■ Task prompt:
Write all of the entries out again exactly, but not the images.

■ Stored records:
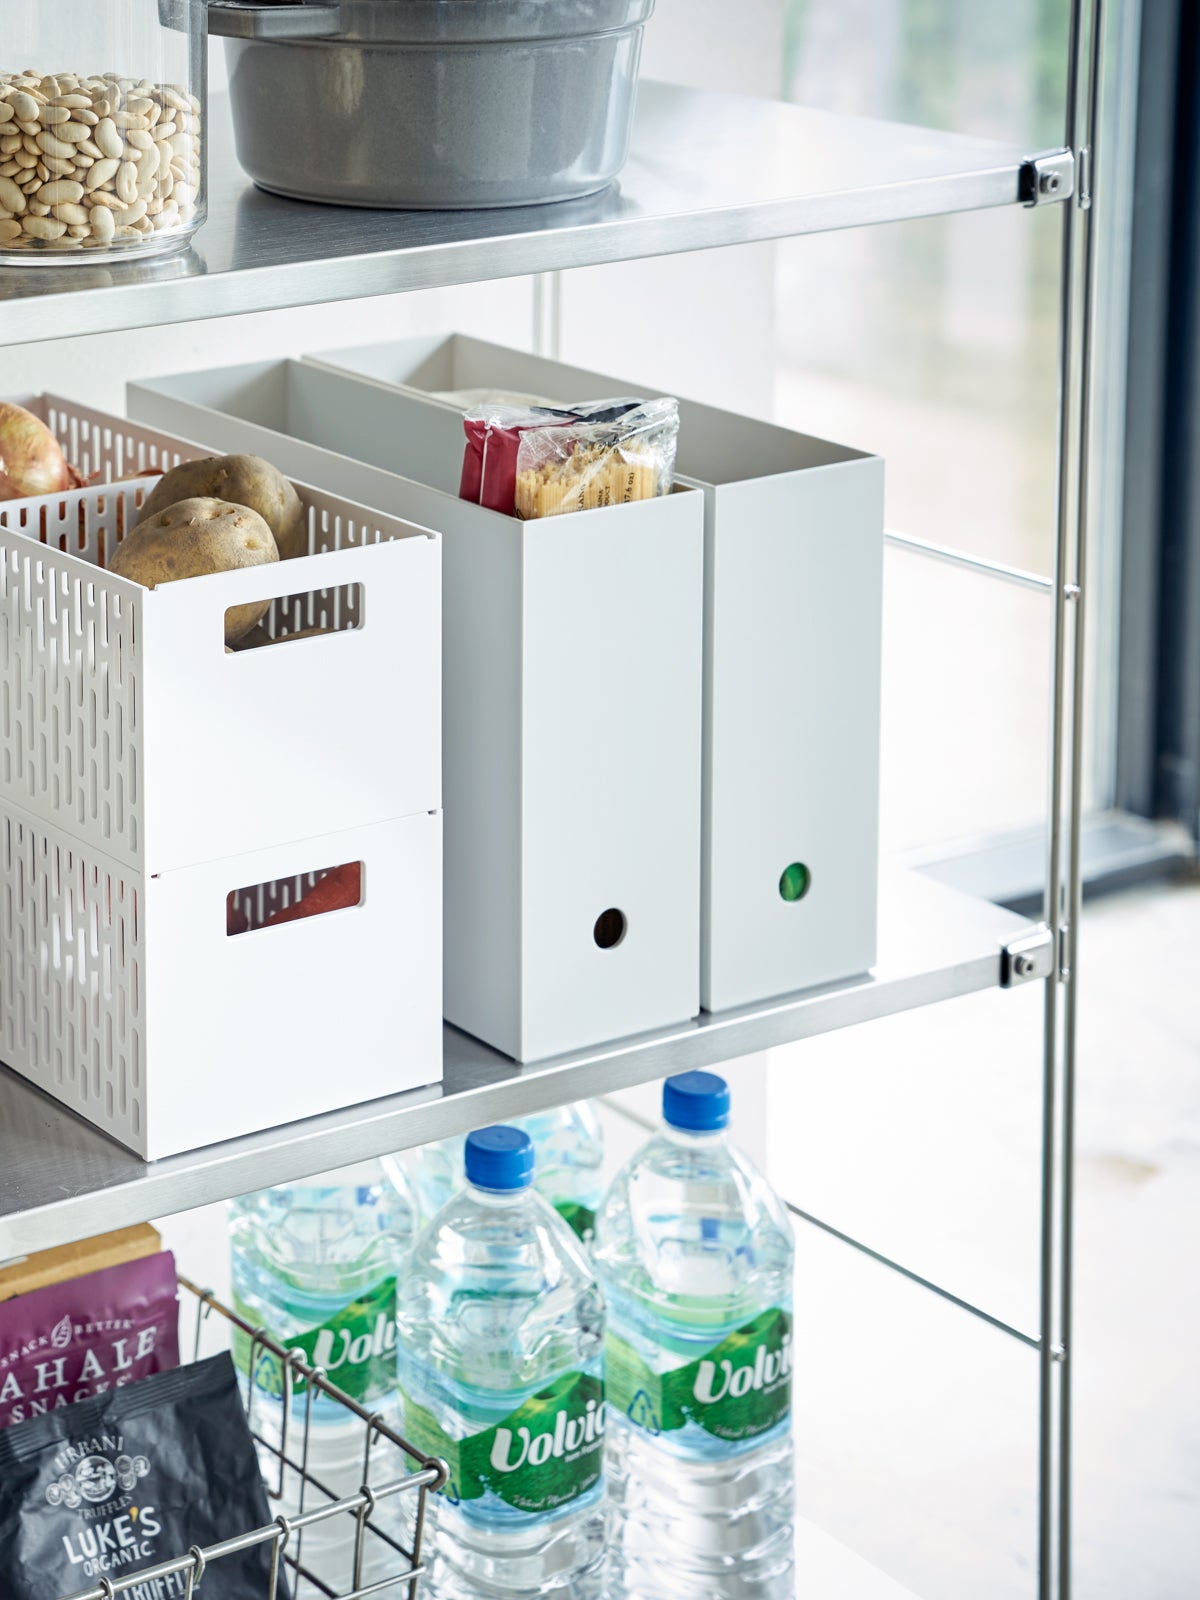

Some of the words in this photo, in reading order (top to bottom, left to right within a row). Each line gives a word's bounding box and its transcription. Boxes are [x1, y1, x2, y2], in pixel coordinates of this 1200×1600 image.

[0, 1335, 49, 1368] SNACK
[74, 1318, 134, 1336] BETTER
[54, 1435, 124, 1470] URBANI
[489, 1399, 608, 1473] Volvic
[77, 1495, 133, 1521] TRUFFLES
[62, 1506, 162, 1565] LUKE'S
[83, 1540, 153, 1577] ORGANIC
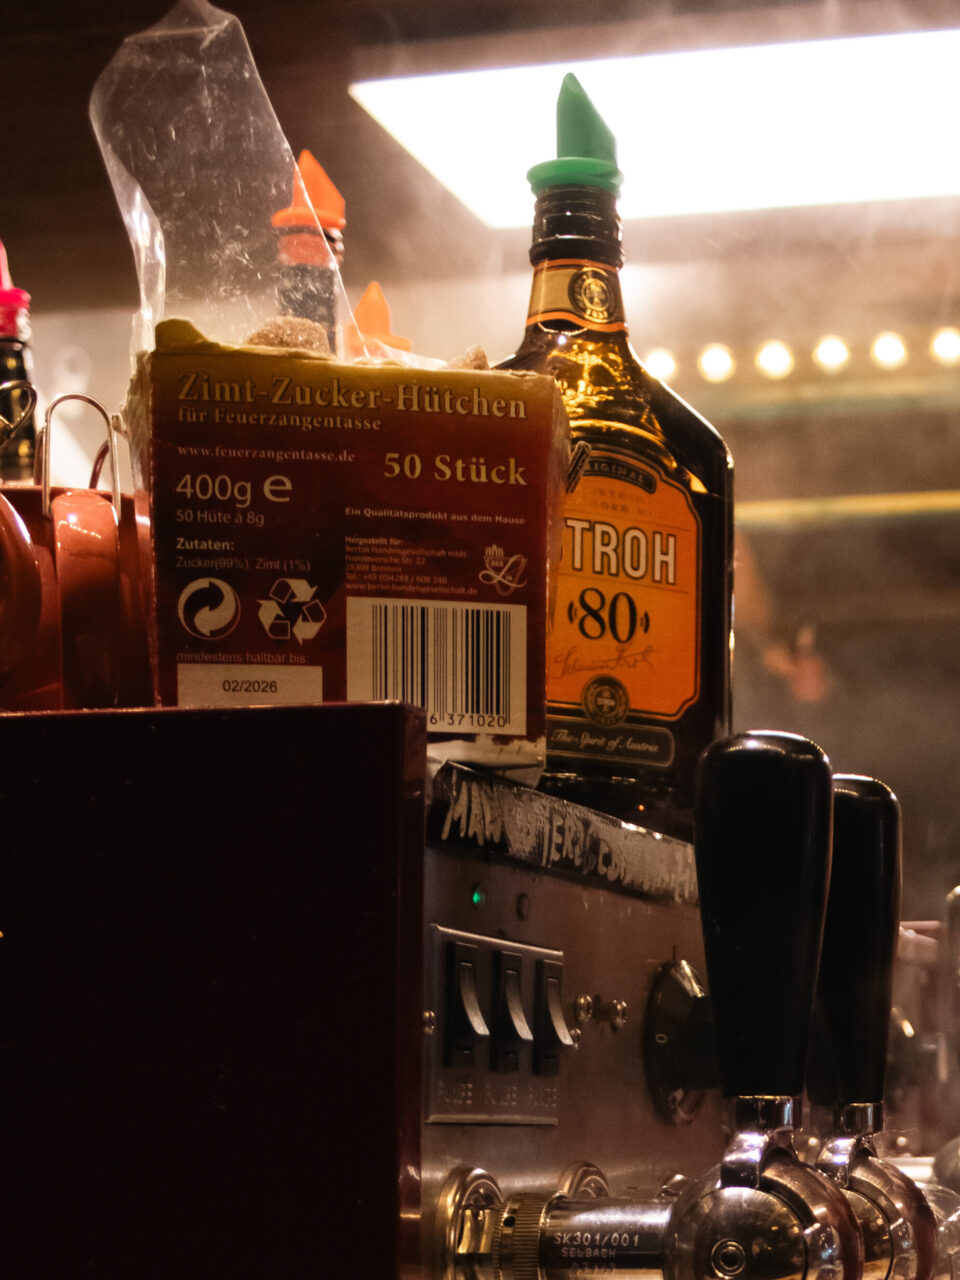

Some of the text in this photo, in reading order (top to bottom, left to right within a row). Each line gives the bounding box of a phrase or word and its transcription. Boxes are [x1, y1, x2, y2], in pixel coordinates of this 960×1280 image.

[177, 373, 527, 419] Zimt-Zucker-Hütchen
[178, 407, 383, 432] für Feuerzangentasse
[177, 445, 356, 463] www.feuerzangentasse.de
[383, 453, 528, 486] 50 Stück
[176, 474, 252, 508] 400g
[176, 509, 194, 523] 50
[197, 509, 232, 525] Hüte
[246, 511, 265, 528] 8g
[176, 537, 235, 551] Zutaten:
[561, 517, 677, 586] TROH
[578, 587, 637, 643] 80
[176, 650, 242, 663] mindestens
[246, 651, 286, 664] haltbar
[222, 679, 278, 693] 02/2026
[552, 1231, 640, 1247] SK301/001
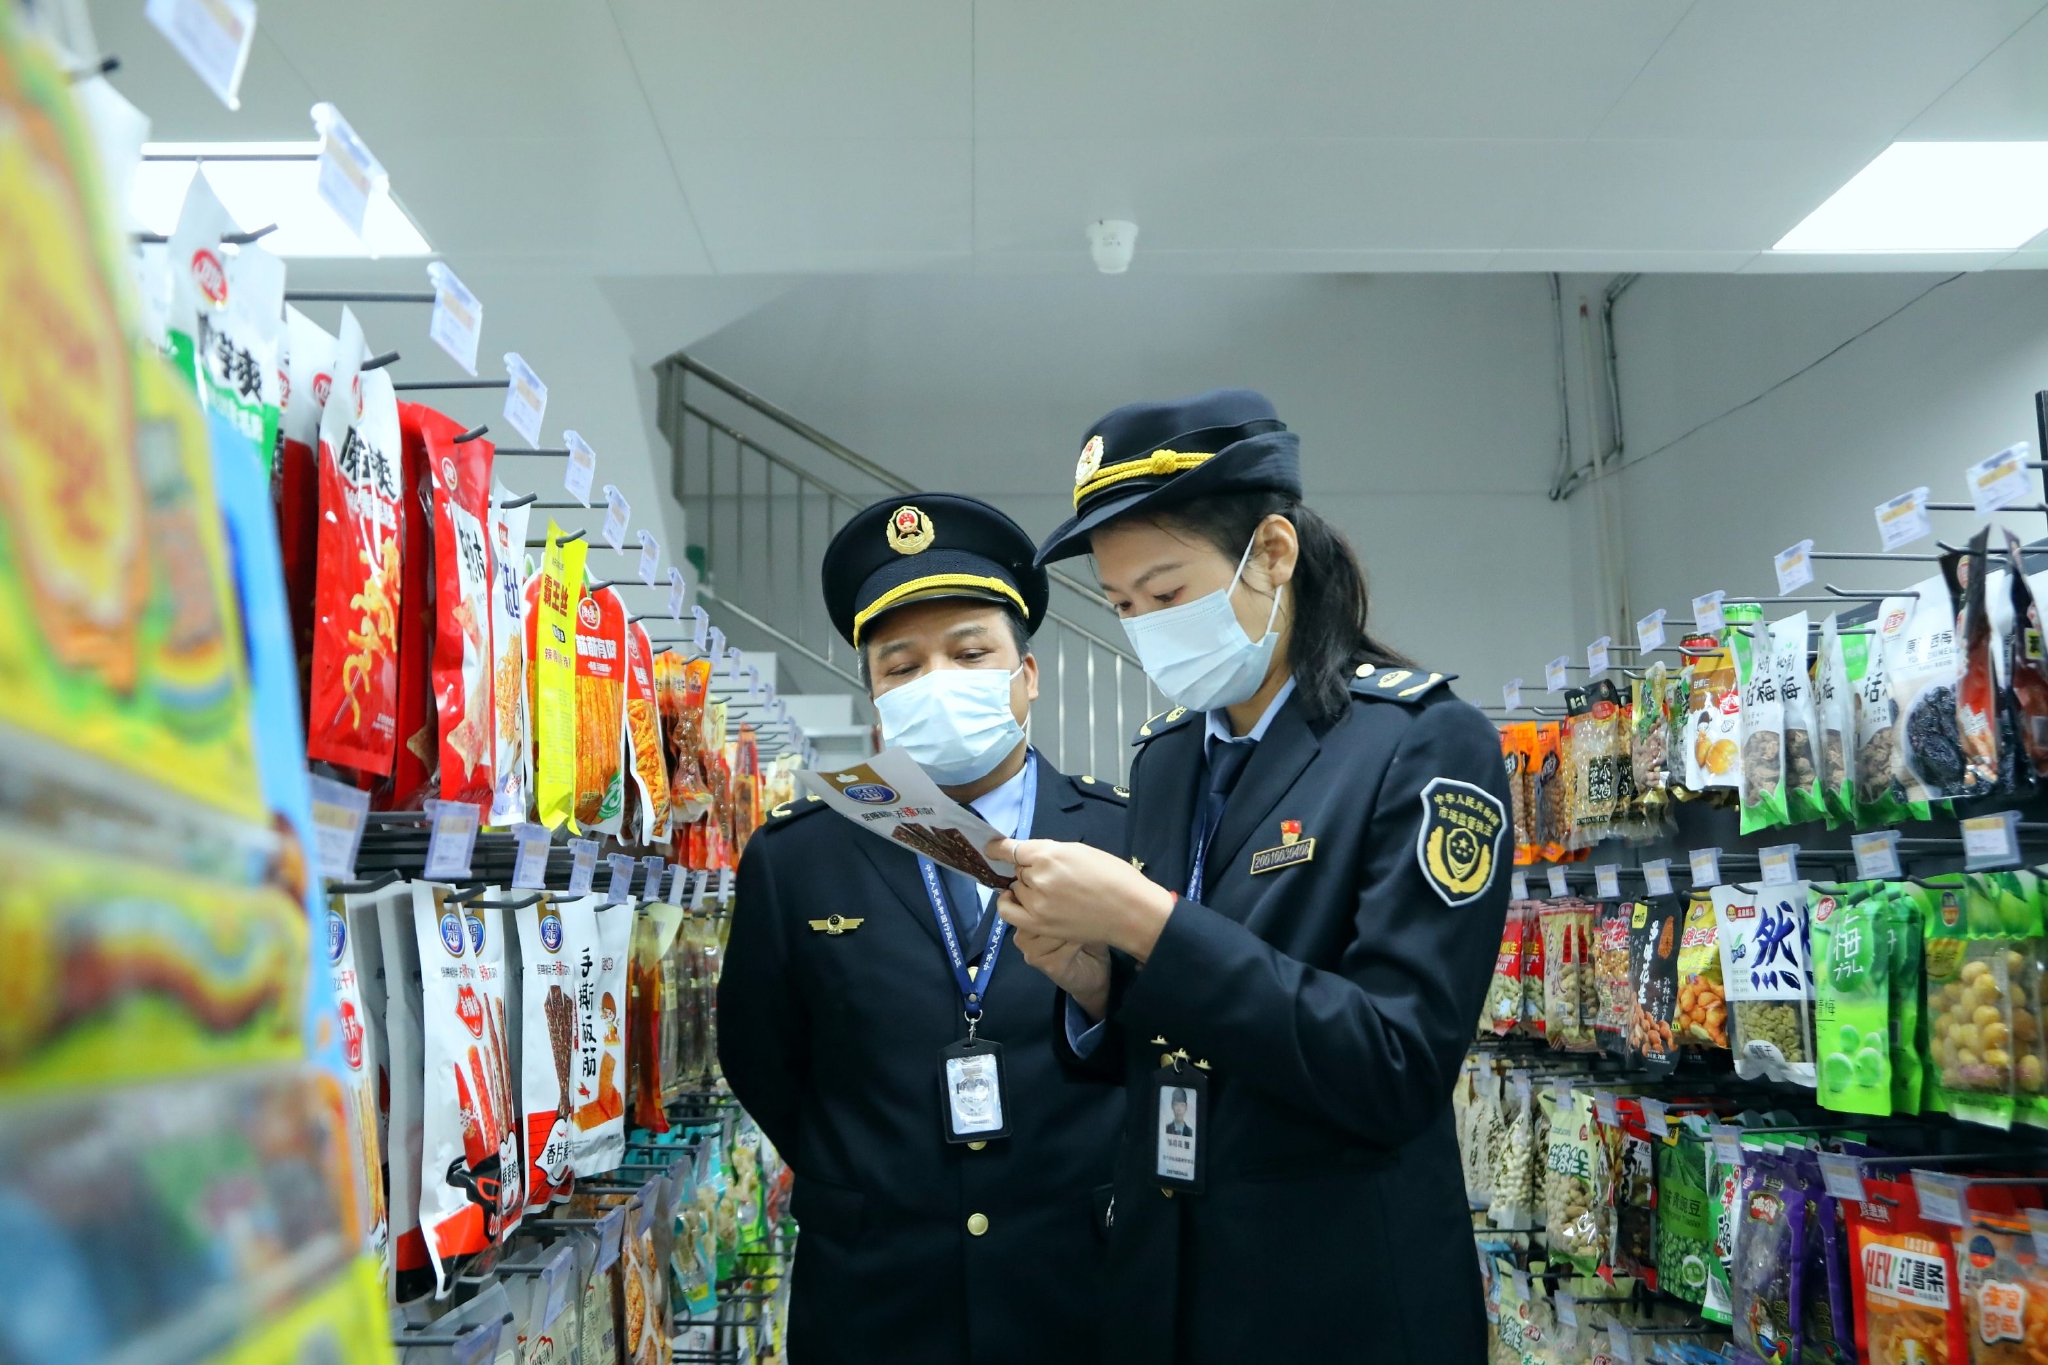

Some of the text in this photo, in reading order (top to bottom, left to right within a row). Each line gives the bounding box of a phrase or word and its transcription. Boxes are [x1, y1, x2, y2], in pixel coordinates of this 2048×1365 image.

[1433, 792, 1500, 827] 中华人民共和国
[1438, 805, 1494, 838] 市场监管执法
[1750, 900, 1802, 992] 然
[1898, 1256, 1945, 1294] 红薯条

■ Response for this exercise:
Some of the words in this photo, in reading order (top to bottom, left to right within a row). Each line gives a word's bounding box and its transcription. Boxes are [x1, y1, x2, y2], in pixel coordinates of this 1200×1600 image.

[0, 1335, 49, 1368] SNACK
[74, 1318, 134, 1336] BETTER
[54, 1435, 124, 1470] URBANI
[489, 1399, 608, 1473] Volvic
[77, 1495, 133, 1521] TRUFFLES
[62, 1506, 162, 1565] LUKE'S
[83, 1540, 153, 1577] ORGANIC

Some of the text in this photo, in reading order (top to bottom, left to right within a row). Each line gives the bounding box of a phrase or word and its transcription. Boxes are [x1, y1, x2, y2], in pixel coordinates of this 960×1280 image.

[177, 373, 527, 419] Zimt-Zucker-Hütchen
[178, 407, 383, 432] für Feuerzangentasse
[177, 445, 356, 463] www.feuerzangentasse.de
[383, 453, 528, 486] 50 Stück
[176, 474, 252, 508] 400g
[176, 509, 194, 523] 50
[197, 509, 232, 525] Hüte
[246, 511, 265, 528] 8g
[176, 537, 235, 551] Zutaten:
[561, 517, 677, 586] TROH
[578, 587, 637, 643] 80
[176, 650, 242, 663] mindestens
[246, 651, 286, 664] haltbar
[222, 679, 278, 693] 02/2026
[552, 1231, 640, 1247] SK301/001

Some of the text in this photo, in reading order (top to bottom, left to right within a row). Each line gives the bounding box of a phrase or word and its transcription. Boxes are [x1, y1, x2, y2], in pixel coordinates of this 2048×1365 image.

[1433, 792, 1500, 827] 中华人民共和国
[1438, 805, 1494, 838] 市场监管执法
[1750, 900, 1802, 992] 然
[1898, 1256, 1945, 1294] 红薯条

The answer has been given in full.